The Beijing-based firm, which controls eight listed companies, will consider combining units and selling peripheral businesses to improve profitability, according to the people.
Possibilities that may be proposed include COFCO's cooking-oil producer China Foods Ltd divesting its confectionery business or merging with a sister company such as oilseed processor China Agri-Industries Holdings Ltd, they said, asking not to be identified as the information is private.
Listed affiliates of COFCO, which has operations in 140 countries, surged on Monday to add a combined $1.4 billion in market value.
The government-owned group was founded in 1949 and grew through a series of mergers to amass more than $57 billion of assets, according to its website.
"COFCO has been very active in acquiring overseas assets," said Liu Guanyu, a manager at Xiamen International Trade Group Corp, which buys and sells commodities including iron ore and rubber. "Its strategy now is to consolidate, to create a full industrial chain in the global agricultural market."
Market discipline
The State-run company, which last year bought controlling stakes in Dutch grain trader Nidera BV and Noble Group Ltd's agribusiness arm, is also weighing a plan to combine all the grain, edible oil and sugar businesses currently spread across different units, according to two of the people.
It would then seek a stock-market listing for the merged business by 2019, they said.
The government picked COFCO in July for a trial on improving the efficiency and returns of investments, part of a push by President Xi Jinping to introduce more market discipline at State-owned enterprises.
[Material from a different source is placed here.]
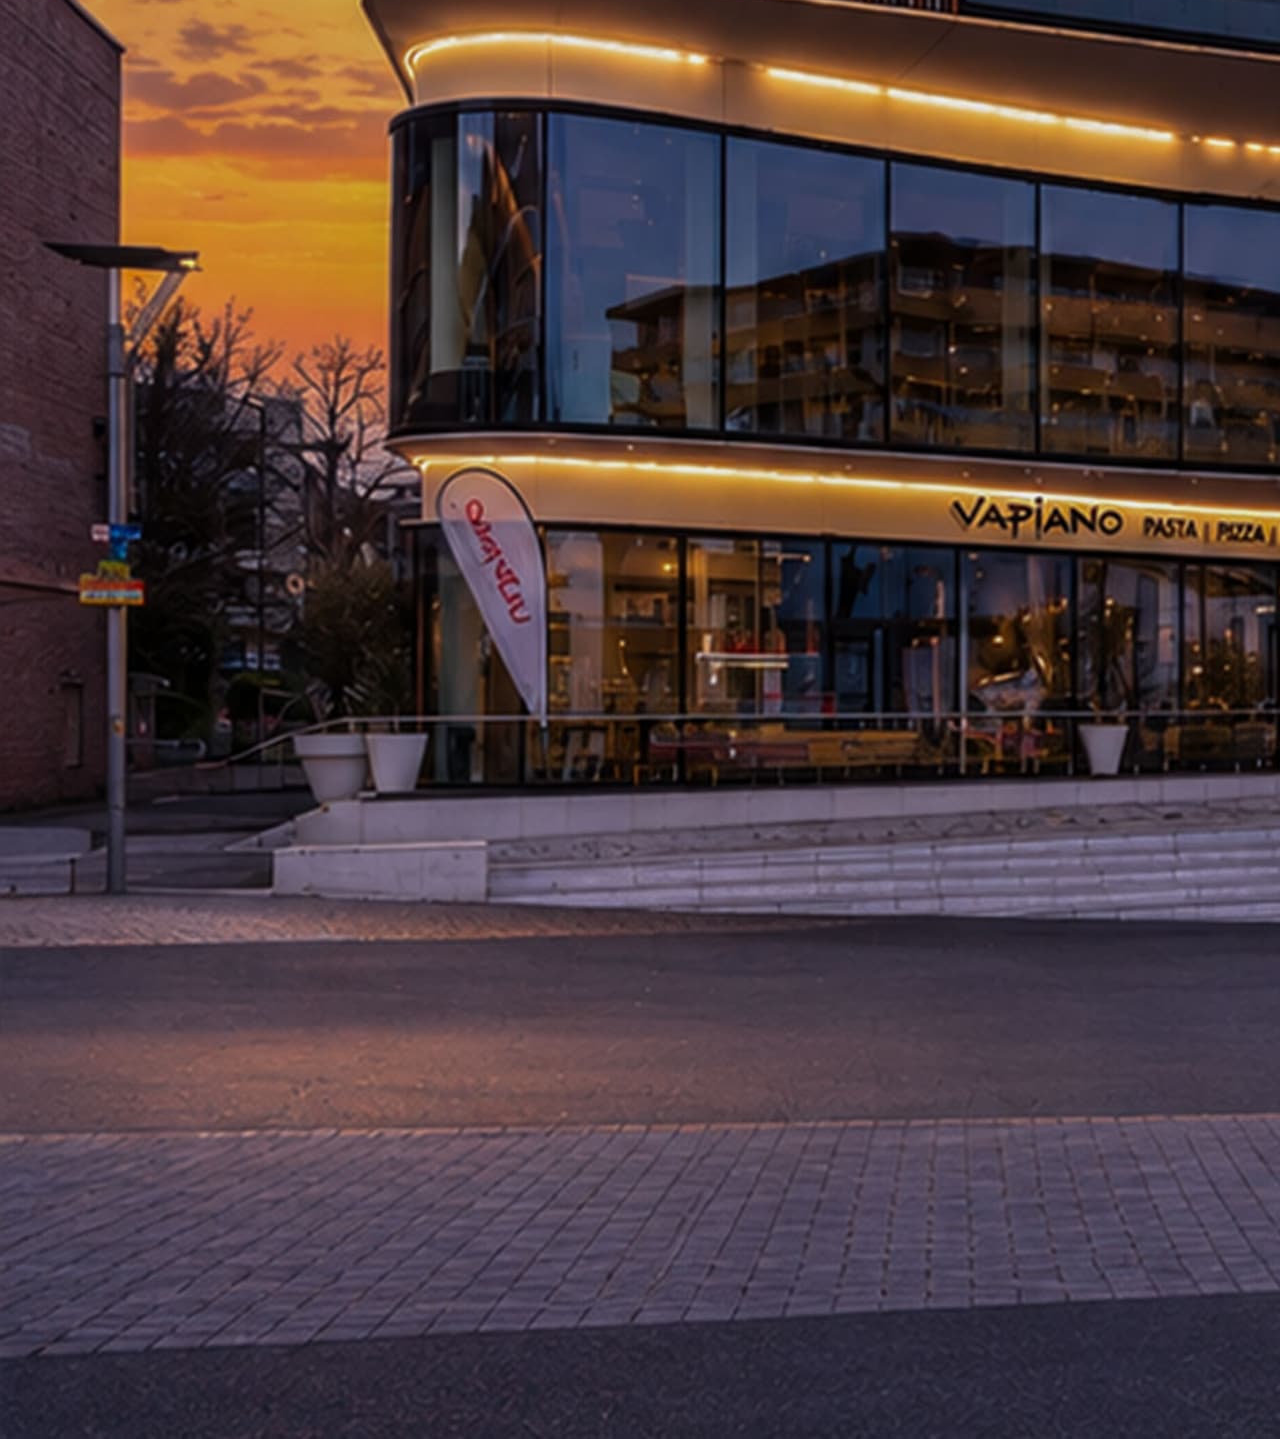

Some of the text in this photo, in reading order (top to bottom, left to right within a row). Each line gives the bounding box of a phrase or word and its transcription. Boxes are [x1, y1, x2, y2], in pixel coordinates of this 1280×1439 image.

[949, 496, 1125, 540] VAPIANO
[1142, 515, 1198, 540] PASTA
[1215, 521, 1266, 545] PIZZA
COFCO has not yet hired an adviser or decided on a course of action, and any restructuring plan would need regulatory approval, the people said.
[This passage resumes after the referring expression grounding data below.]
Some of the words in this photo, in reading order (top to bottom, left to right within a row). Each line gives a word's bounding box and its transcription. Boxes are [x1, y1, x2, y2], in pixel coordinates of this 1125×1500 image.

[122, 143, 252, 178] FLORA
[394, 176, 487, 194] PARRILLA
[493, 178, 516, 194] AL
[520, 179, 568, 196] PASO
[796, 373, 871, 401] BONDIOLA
COFCO owns stakes in China Mengniu Dairy Co, the nation's second-largest dairy producer, and Joy City Property Ltd, which develops commercial real estate.
CPMC Holdings makes the aluminum cans used by China's best-selling Snow beer, while China Foods produces wine, sells cooking oil under the "Fortune" brand and bottles Coca-Cola Co beverages in parts of northern China.
Global trading
The group also runs tourist resorts, a regional bank and an insurance venture with London-based Aviva Plc.
COFCO said on May 12 it poached Matthew Jansen, a senior executive from US competitor Archer-Daniels-Midland Co, to lead its push into global agricultural trading. The government-owned firm spent $3.5 billion on acquisitions last year that will allow it to compete with Bunge Ltd, Cargill Inc and Louis Dreyfus Commodities BV as rising incomes drive up food demand in China.
Noble Agri Ltd, the venture COFCO formed after buying the agricultural arm of Hong Kong-based Noble Group, and Nidera both have large operations in Latin America and Eastern Europe, two key exporting regions for wheat, corn and soybeans.